**Your assignment:**
What is needed is an exact copy of the lines in the entries below from the one holding "this 1280×1280 image." through the one holding "this 1280×1281 image.", pictures excluded.

**Excerpted data:**

■ ■ ■

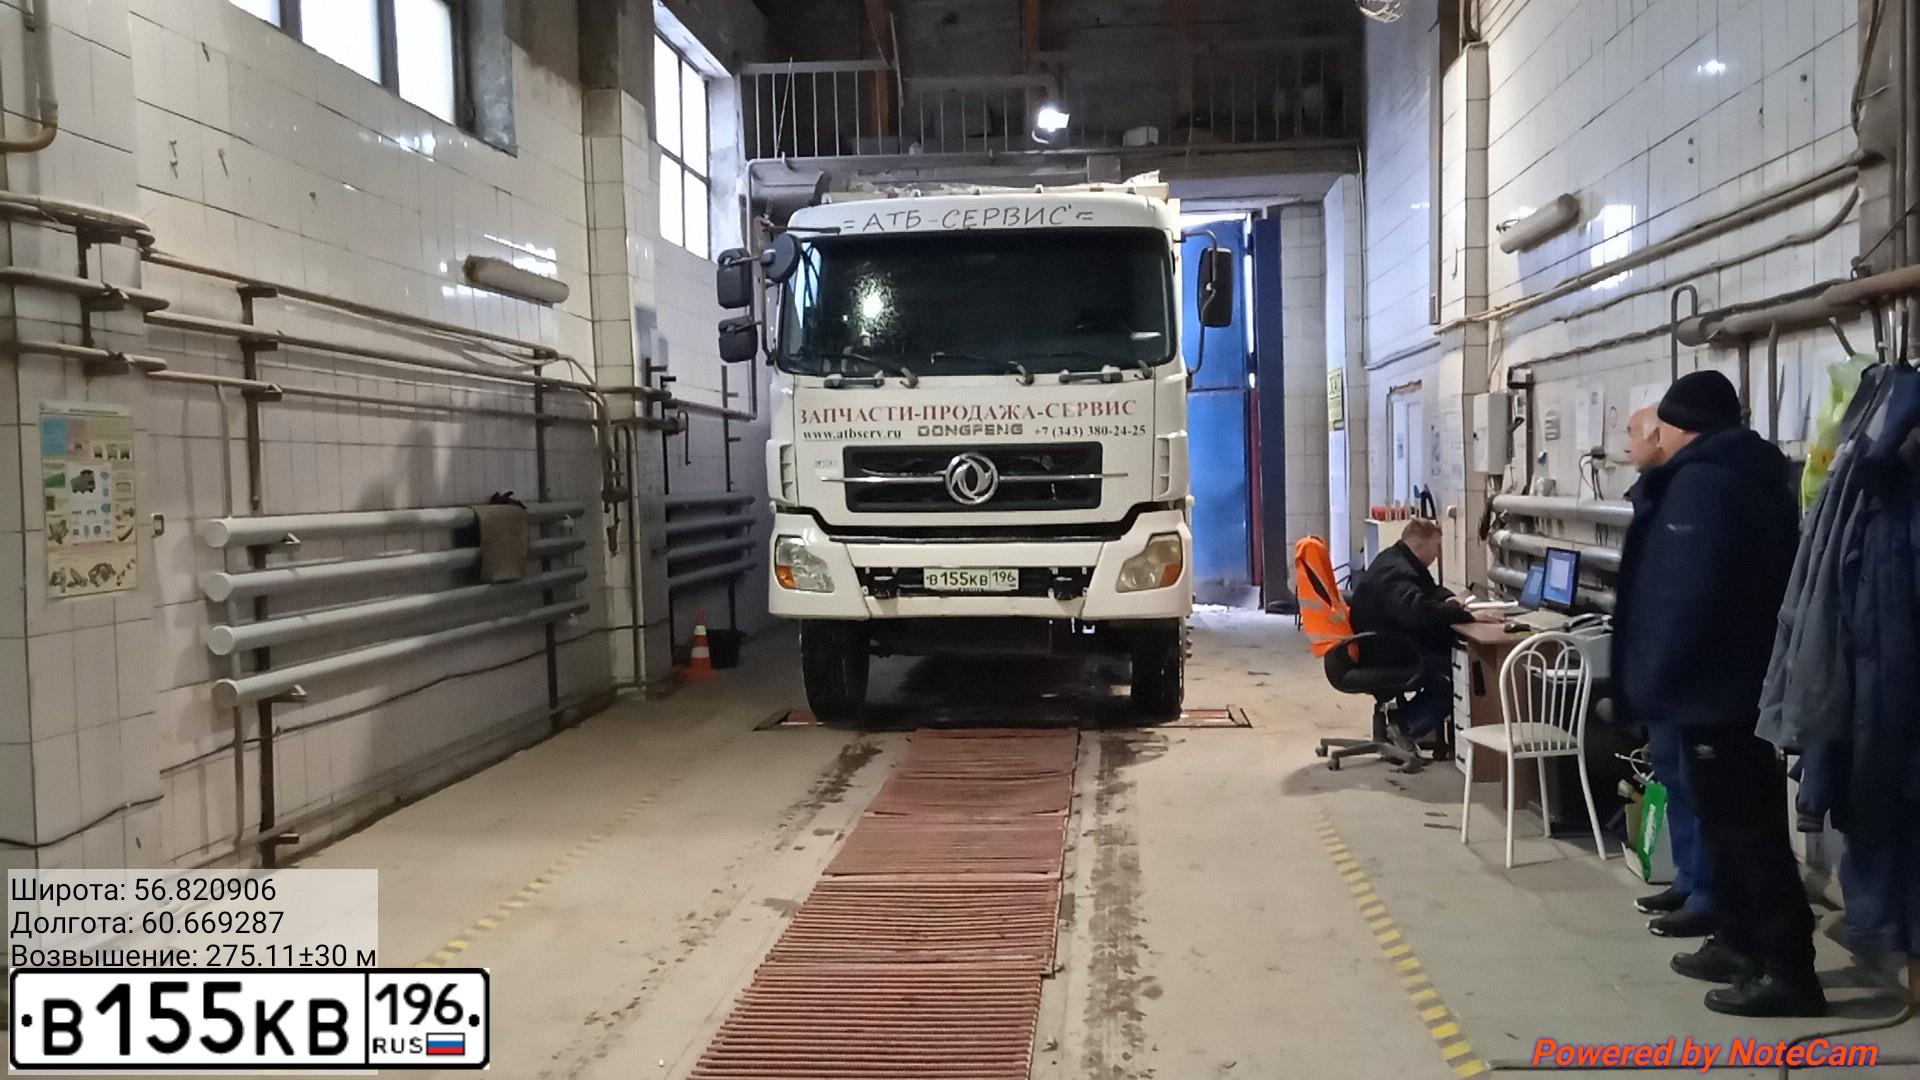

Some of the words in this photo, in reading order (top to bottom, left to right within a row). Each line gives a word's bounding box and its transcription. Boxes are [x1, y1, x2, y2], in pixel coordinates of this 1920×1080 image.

■ ■ ■

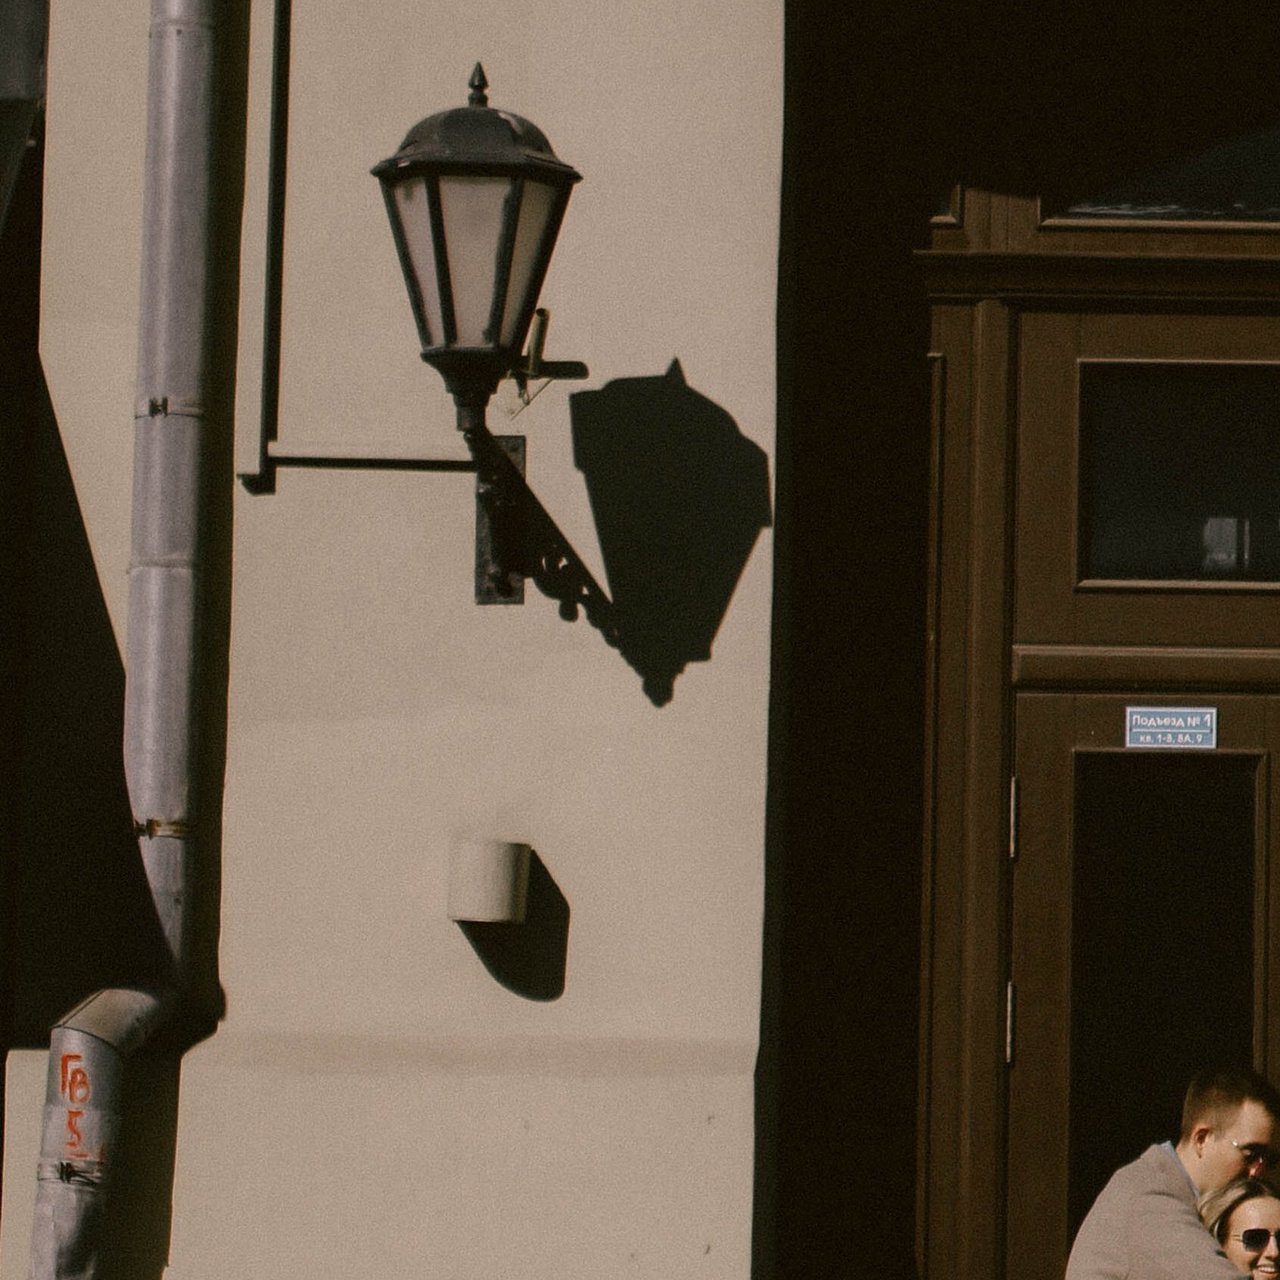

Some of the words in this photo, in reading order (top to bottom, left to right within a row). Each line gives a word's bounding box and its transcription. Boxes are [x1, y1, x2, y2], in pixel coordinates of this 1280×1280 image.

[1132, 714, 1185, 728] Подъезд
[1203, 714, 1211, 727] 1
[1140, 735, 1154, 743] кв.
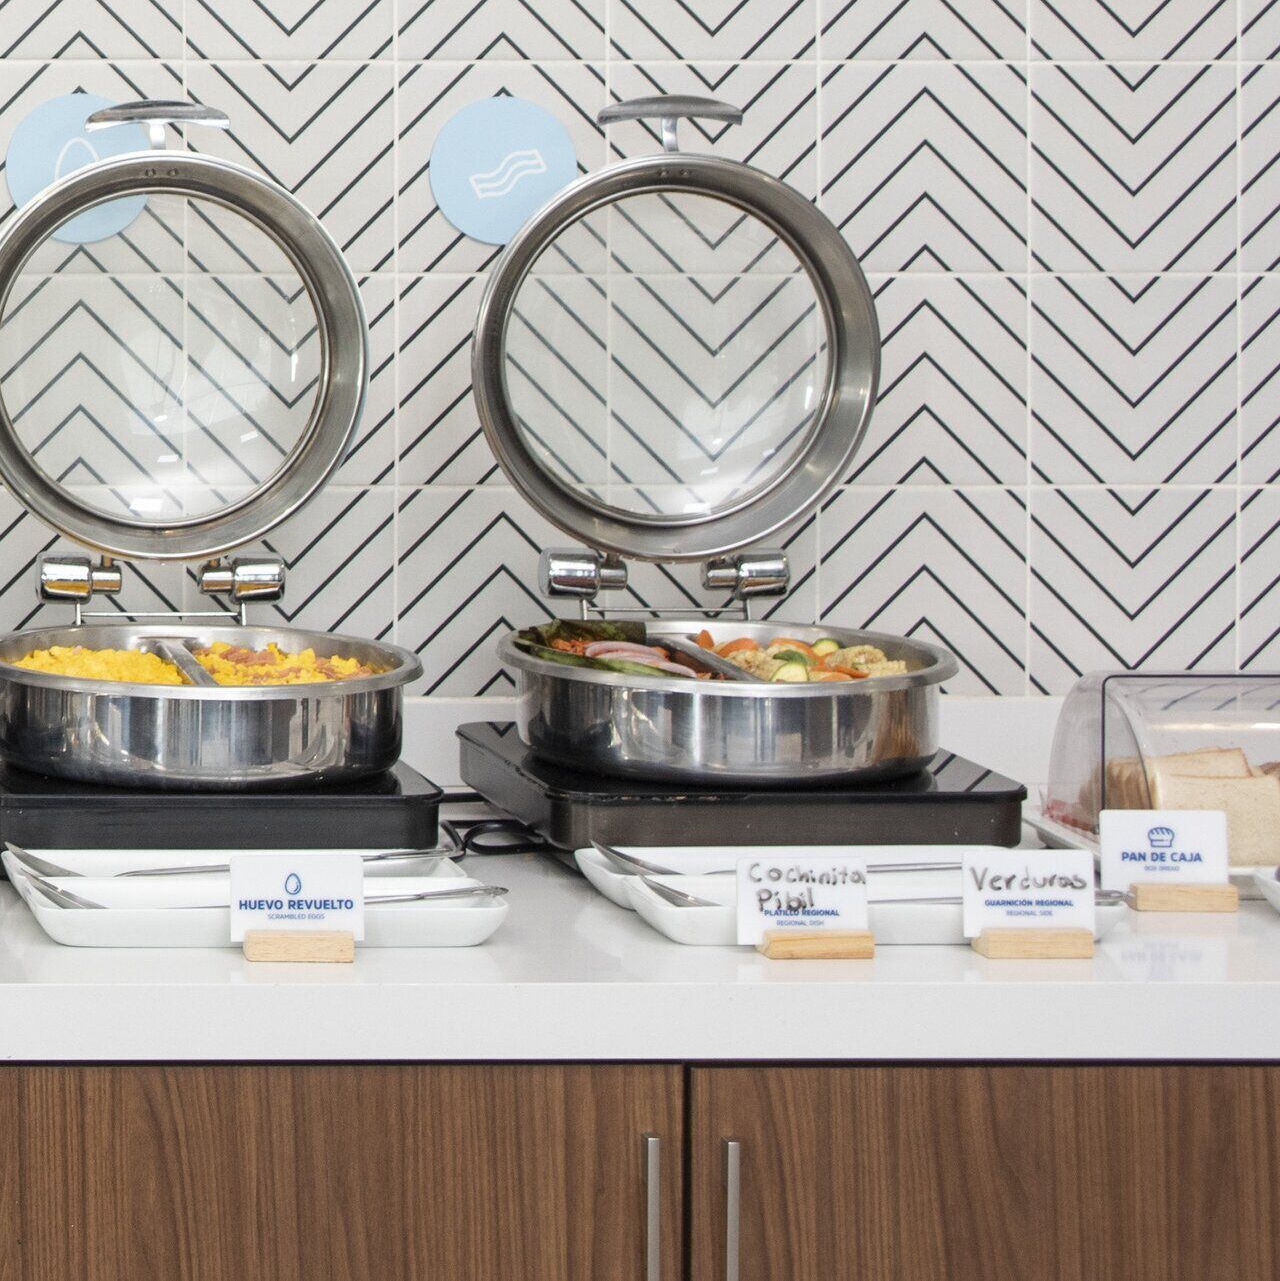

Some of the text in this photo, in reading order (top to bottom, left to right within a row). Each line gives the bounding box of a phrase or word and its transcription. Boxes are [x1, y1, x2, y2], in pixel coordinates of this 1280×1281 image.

■ ■ ■

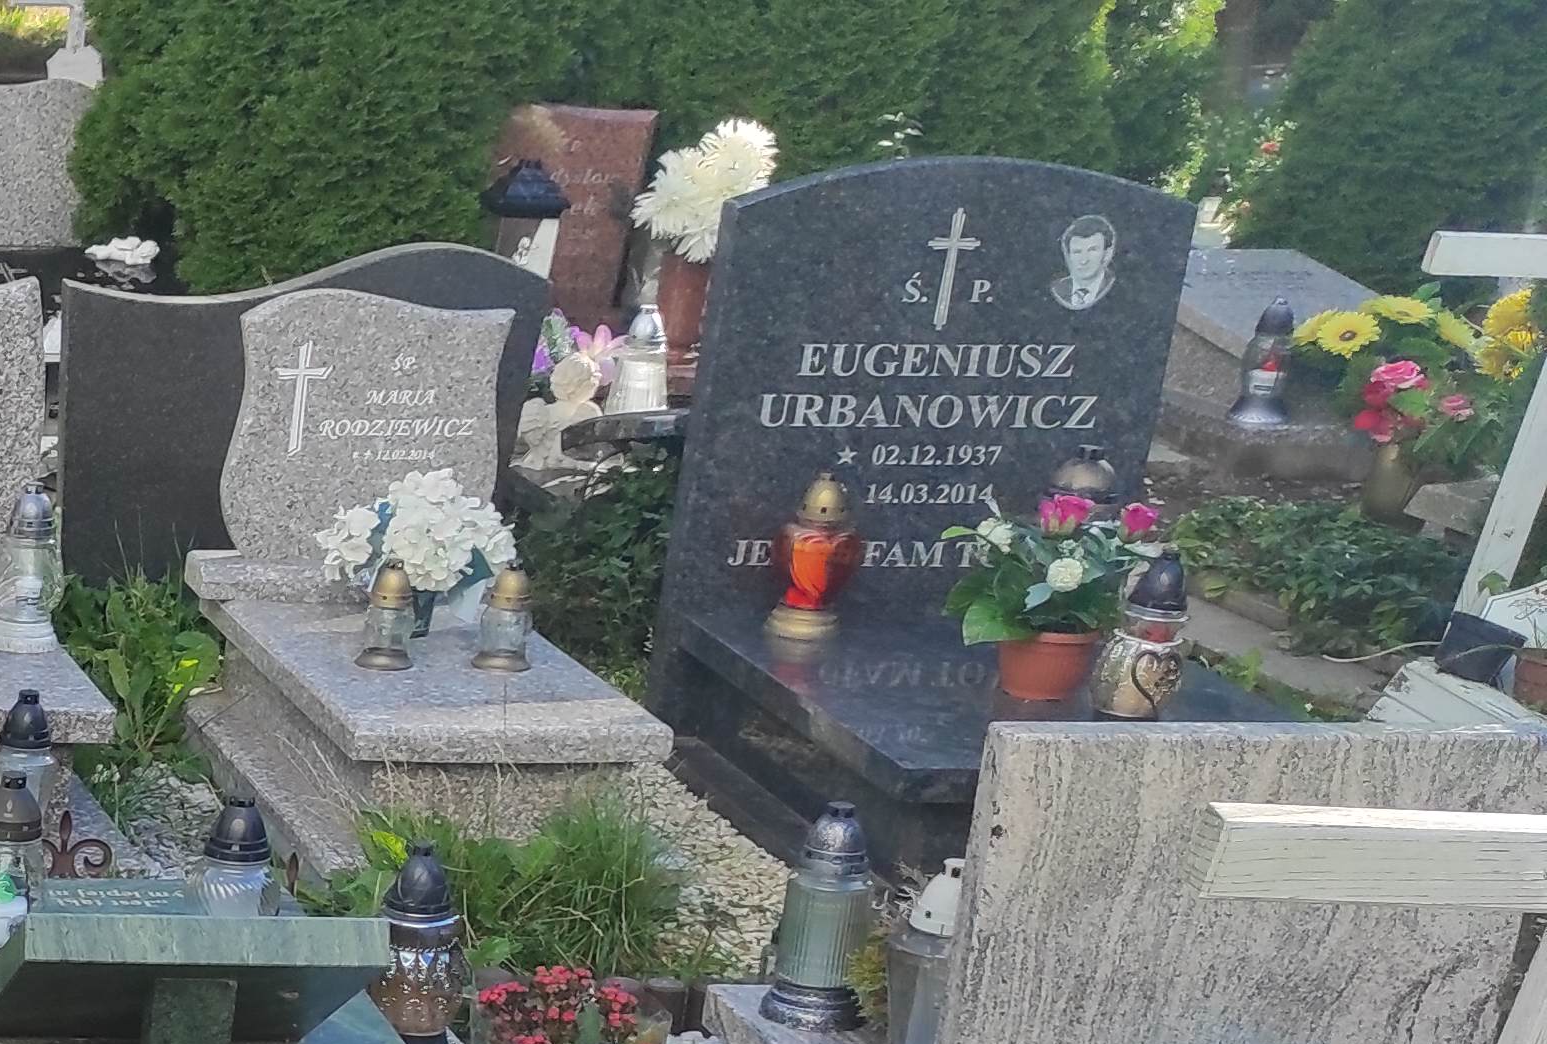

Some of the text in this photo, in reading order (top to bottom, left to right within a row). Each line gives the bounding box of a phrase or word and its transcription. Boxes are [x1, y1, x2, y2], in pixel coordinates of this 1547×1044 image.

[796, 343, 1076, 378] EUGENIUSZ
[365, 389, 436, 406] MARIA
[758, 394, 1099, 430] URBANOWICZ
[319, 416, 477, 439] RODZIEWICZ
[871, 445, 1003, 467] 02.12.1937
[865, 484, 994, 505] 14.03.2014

■ ■ ■

**The completed task:**
Some of the words in this photo, in reading order (top to bottom, left to right within a row). Each line gives a word's bounding box and its transcription. Boxes are [x1, y1, x2, y2], in pixel coordinates of this 1280×1280 image.

[1132, 714, 1185, 728] Подъезд
[1203, 714, 1211, 727] 1
[1140, 735, 1154, 743] кв.

Some of the text in this photo, in reading order (top to bottom, left to right within a row). Each line gives the bounding box of a phrase or word and its transcription. Boxes are [x1, y1, x2, y2], in pixel coordinates of this 1280×1281 image.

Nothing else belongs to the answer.